The frame 6 is fixedly connected with a feeding mechanism below the slide rail 42, the feeding mechanism comprises a conveying plate 40, and the conveying plate 40 is of a rectangular plate-shaped structure. Thirteen parallel guide grooves 41 are formed in the top of the conveying plate 40. Both ends are open about the guide way 41, and the left end bottom that the guide way 41 leaned on is opened flutedly, and the cross section of recess is the rectangle, and the top and the right side of recess all communicate each other with outside down. The bottom of one end of the guide groove 41, which is close to the clamping and pressing device, is embedded and fixed with a pressure sensitive element.

The clamping pressing device comprises a travelling mechanism and a clamping mechanism.

As shown in fig. 13, the travelling mechanism comprises two parallel sliding rails 42, the sliding rails 42 are fixedly connected to the top of the frame 6 through bolts, a sliding plate 43 is slidably connected between the two sliding rails 42, and a travelling telescopic cylinder 44 is vertically and fixedly bolted to the center of the top of the sliding plate 43. The traveling telescopic cylinder 44 is freely telescopic in the vertical direction, and the telescopic end of the traveling telescopic cylinder 44 penetrates the sliding plate 43 and is located right below the sliding plate 43. The telescopic end of the traveling telescopic cylinder 44 is fixedly connected with the clamping and pressing device through bolts.

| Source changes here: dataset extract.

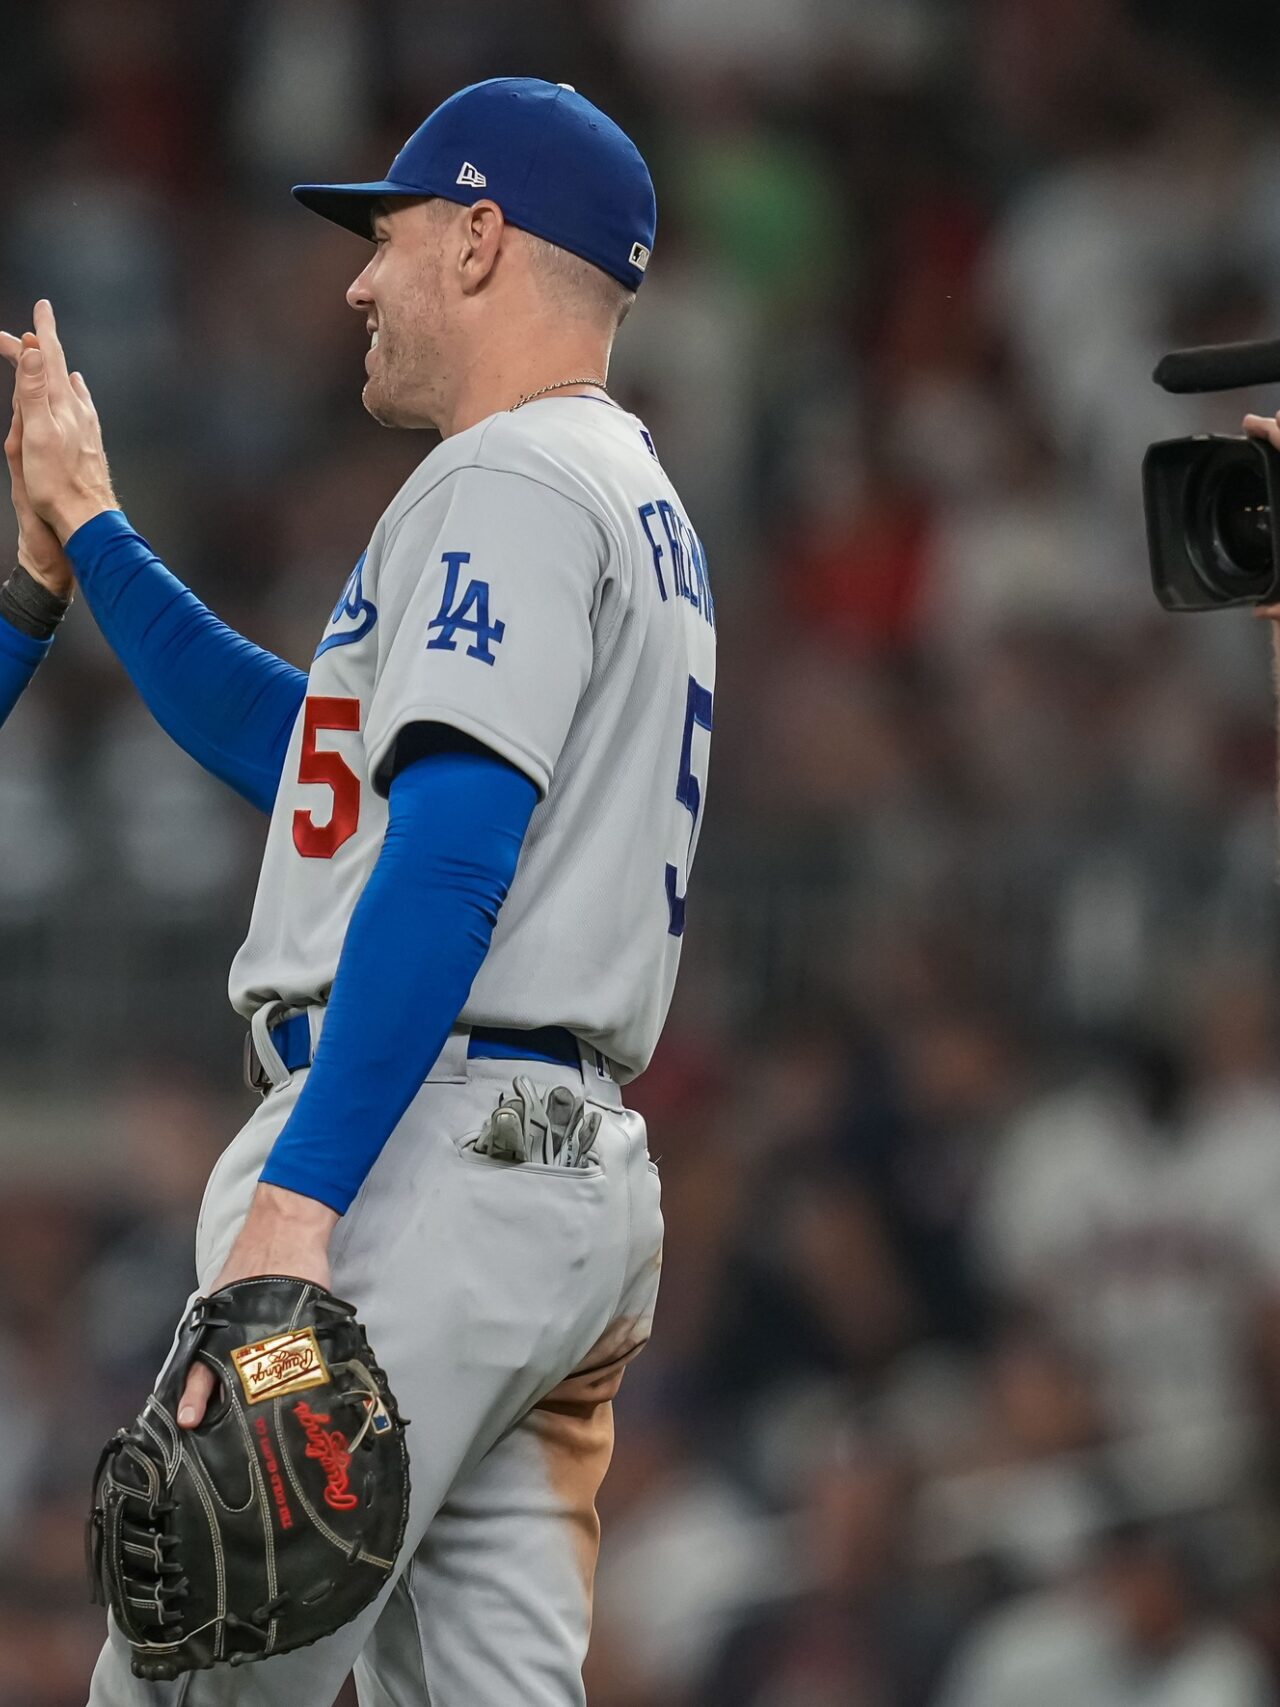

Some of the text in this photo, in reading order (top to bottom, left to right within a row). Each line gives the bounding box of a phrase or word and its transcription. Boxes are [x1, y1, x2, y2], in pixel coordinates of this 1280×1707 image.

Two parallel second guide plates 45 are screwed on the bottom of the sliding plate 43, and guide rails 46 are respectively arranged on the opposite surfaces of the two second guide plates 45. Each guide rail 46 is vertically and slidably connected with a supporting bar 47, and the bottom ends of the two supporting bars 47 are fixedly connected with a clamping and pressing device.

A third threaded spindle 48 is also rotatably connected to the top of the frame 6 between the two slide rails 42, the axis of the third threaded spindle 48 being parallel to the direction of extension of the guide rail 46. A fourth servo motor 49 is fixedly connected to the side wall of the frame 6 through bolts, and a driving shaft of the fourth servo motor 49 is coaxially connected with the end of a third screw rod 48 through a key. The third screw 48 is fitted with a ball slide seat 50, and the ball slide seat 50 is linearly movable in the axial direction of the third screw 48. The top end of the ball sliding seat 50 is fixedly connected to the bottom end of the sliding plate 43 by a bolt.

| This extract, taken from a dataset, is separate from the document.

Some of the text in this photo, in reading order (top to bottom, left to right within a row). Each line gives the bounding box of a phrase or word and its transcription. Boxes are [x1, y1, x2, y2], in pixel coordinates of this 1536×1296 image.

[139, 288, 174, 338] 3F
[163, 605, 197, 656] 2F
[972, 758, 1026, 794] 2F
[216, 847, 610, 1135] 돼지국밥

The side wall screw of the frame 6 is fixedly connected with a slide bar 51, the slide bar 51 horizontally slides and is provided with a groove type photoelectric sensor counter 52, and the counter 52 is fixed on the slide bar 51 by bolts. The side wall bolt of the sliding plate 43 is fixedly connected with a shielding plate 53, and the shielding plate 53 is used for being matched with the counter 52. The shielding plate 53 has an L-shaped structure, and a traveling path of the shielding plate 53 can pass through a counting sensing portion of the counter 52.

The clamping mechanism shown in fig. 4, 14 and 15 comprises a first pressing support seat 54, and the top end of the first pressing support seat 54 is fixed to the bottom end of the support table through bolts. A first connecting member 55 having an L-shaped longitudinal section is screw-fixed to the top of the first pressing support 54. The bottom of the first supporting seat 54 is rotationally connected with the second supporting seat 57 in a horizontally threaded fixedly connected mode at the right end of the first connecting piece 55, the second connecting piece 58 is fixedly welded to the right side wall of the second supporting seat 57, a key-shaped hole is vertically formed in the right end of the second connecting piece 58, the left end of the first telescopic cylinder 26 is hinged to the key-shaped hole of the second connecting piece 58, and the hinged portion of the first telescopic cylinder 26 can freely slide in the key-shaped hole.

The second pressing support base 57 is fixedly connected with thirteen clamping groups. The clamping group comprises a third pressing supporting seat 59, and the right end bolt of the third pressing supporting seat 59 is fixedly connected to the left end of the second pressing supporting seat 57. The top end bolt of the second pressing support base 57 is fixedly connected with a second telescopic cylinder 60, the second telescopic cylinder 60 stretches freely along the vertical direction, and the telescopic end bolt of the second telescopic cylinder 60 is fixedly connected to the top end of the third pressing support base 59. The left end of the third pressing support seat 59 is vertically opened with a first slide 61.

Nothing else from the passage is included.